President Obama, at least, is not yet willing to give up on his Administration’s hope to eventually connect 80% of the American population to intercity rail service. After committing $8 billion to such services a year and a half ago during negotiations for the stimulus, the President announced today that he would campaign to devote $50 billion to an improved transportation system, including more spending on high-speed rail, road maintenance, local transit, and better runways. Any such program would require Congressional approval before moving forward.

The Administration’s new proposal seems to be an attempt to accomplish the goals of a new transportation bill without actually passing reauthorization legislation. The previous bill expired in 2009; spending is now being determined year-to-year and being partially sponsored by general income tax revenues, rather than being determined over a six-year period being sponsored entirely by fuel tax revenues, as was until recently the modus operandi.

The federal government currently spends about $50 billion annually on all forms of transportation.

At this time, it is not clear how much enthusiasm the Congress holds for what is being portrayed as a second stimulus, nor how much can actually be built with the money, which would be invested over a period of six years though mostly at the front end. Neither the House nor the Senate, both under Democratic control but threatened in this fall’s elections by increasingly popular anti-spending Republicans, seem particularly thrilled about the idea of voting for a new government program. Few specifics of the proposal have been revealed, other than that the Administration is again promoting its idea for a national infrastructure bank, a program it has had in mind since assuming office in early 2009.

Nor has the President addressed the all-consuming question of how many jobs this program will produce. Despite the fact that there is evidence that investment in public transportation operations is one of the most effective ways to get people back to work, what little has been said about this new spending seems to indicate that it would only go to capital investments. Funding will not be debt-based, the President said, though the exact mechanism to raise the needed dollars has yet to be worked out.

Mr. Obama’s framework, he claimed today, would result in the renovation of 150,000 miles of existing roadways, the construction of 4,000 miles of new railways, and the rehabilitation of 150 miles of runways. Evidently, money is also to be earmarked for the public transit New Starts program, which funds major expansion programs, usually in the form of rail rapid transit. The exact distribution of funds has not been addressed, nor has a decision-making process about worthy projects been established.

The proposal, though certainly a refreshing move from an Administration that over the last few months had threatened a “freeze” on spending, may simply not go far enough to produce effective change, especially for the national high-speed rail program. Even if all the money were spent on fast trains, the majority of money would have to be devoted to just one corridor: the California High-Speed project, which is in need of $20 to $30 billion in federal funds to be completed, depending on the level of private investment pinpointed. As things stand, with the $50 billion to be spread out between all modes in the transportation system, far less will actually be spent on any one mode. This means that smaller, incremental projects are likely to be the biggest beneficiaries here.

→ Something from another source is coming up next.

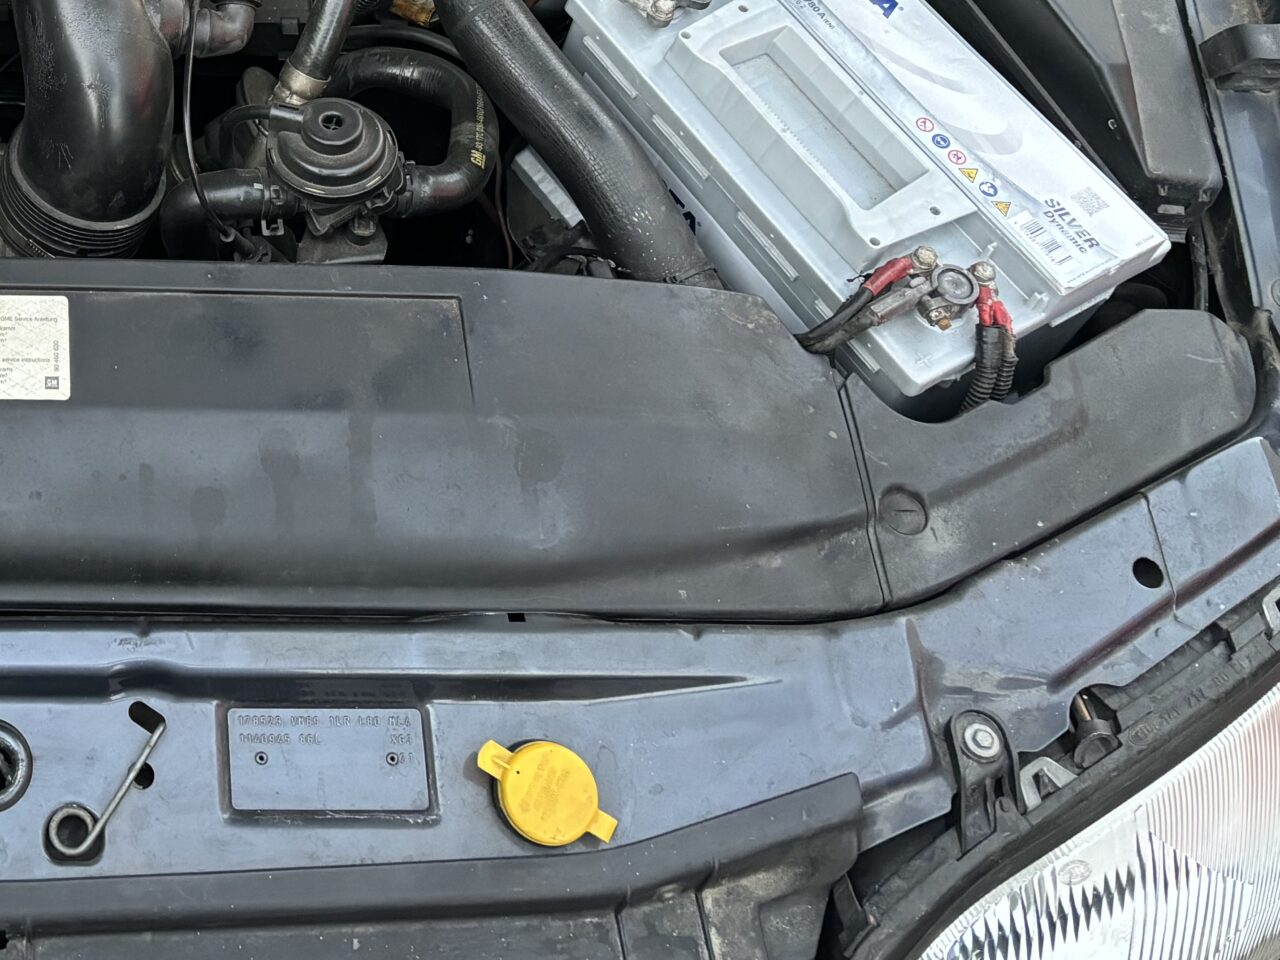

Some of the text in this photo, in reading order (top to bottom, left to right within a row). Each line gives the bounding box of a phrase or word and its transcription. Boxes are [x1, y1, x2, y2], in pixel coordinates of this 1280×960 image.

[469, 148, 483, 166] GM
[1043, 210, 1087, 254] Dynamic
[1044, 198, 1100, 249] SILVER

Mr. Obama, mimicking what has become standard industry commentary, suggested again that a national infrastructure bank be created to fund transportation projects. It’s a problematic concept from a variety of perspectives, including the fact that unless it is used purely on projects that make money in the long term (generally not rail or transit), it isn’t actually a new funding source, it’s just a different way of distributing existing money.

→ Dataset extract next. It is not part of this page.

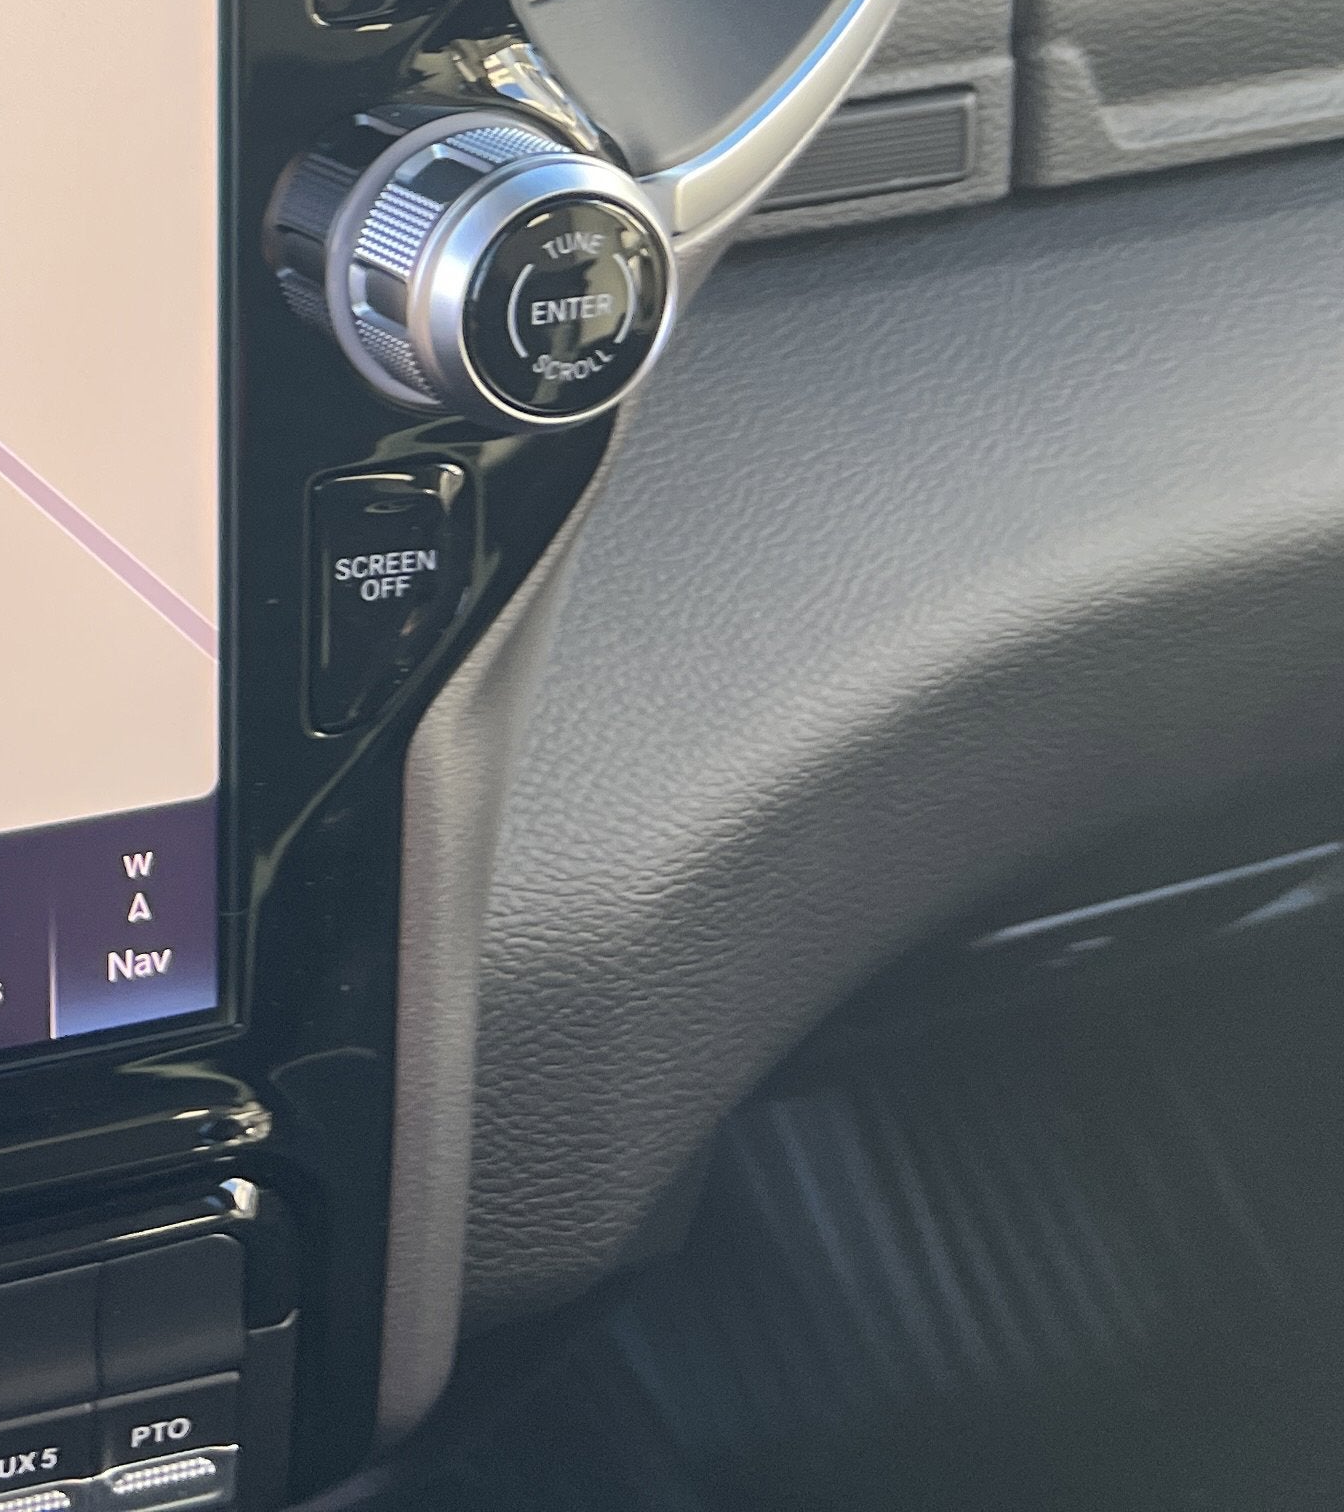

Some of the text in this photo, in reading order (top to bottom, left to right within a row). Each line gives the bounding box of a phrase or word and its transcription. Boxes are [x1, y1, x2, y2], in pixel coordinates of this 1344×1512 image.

This second stimulus could be structured to include what the Administration is calling a “long-term framework” for national transportation policy, arguably vital for a country that lacks true goals for the future of its mobility system. Mr. Obama stated his desire to put high-speed rail “on an equal footing” with the rest of the transportation system. The program would also consolidate 100 transportation programs, supposedly with the goal of streamlining operations in the Department of Transportation, a move that was suggested by House Transportation and Infrastructure Chairman James Oberstar (D-MN) more than a year ago.

Instead of relying on a transportation reauthorization bill to accomplish a change in policy, the Congress may have an opportunity to promote similar goals if it moves forward with the passage of this bill. For those promoting alternatives to an automobile-centric transportation network, that may be a good thing, since this program will not rely on an increase in the gas tax to fund new spending, arguably a necessary change if we are to accept the fact that the current user fee model for funding is not only obsolete but inappropriate for today’s needs.

Most importantly, though, despite its optimism Mr. Obama’s proposal is coming at the exactly wrong time from a political perspective. Democrats have been slow to embrace significant spending even on transportation, arguably a matter that is of bipartisan interest. Why will they do so now? And if they do, will they choose to advance the policies the President has suggested are most important to him, like high-speed rail and transit, or will they attempt to placate suburban and rural interests with more highway spending?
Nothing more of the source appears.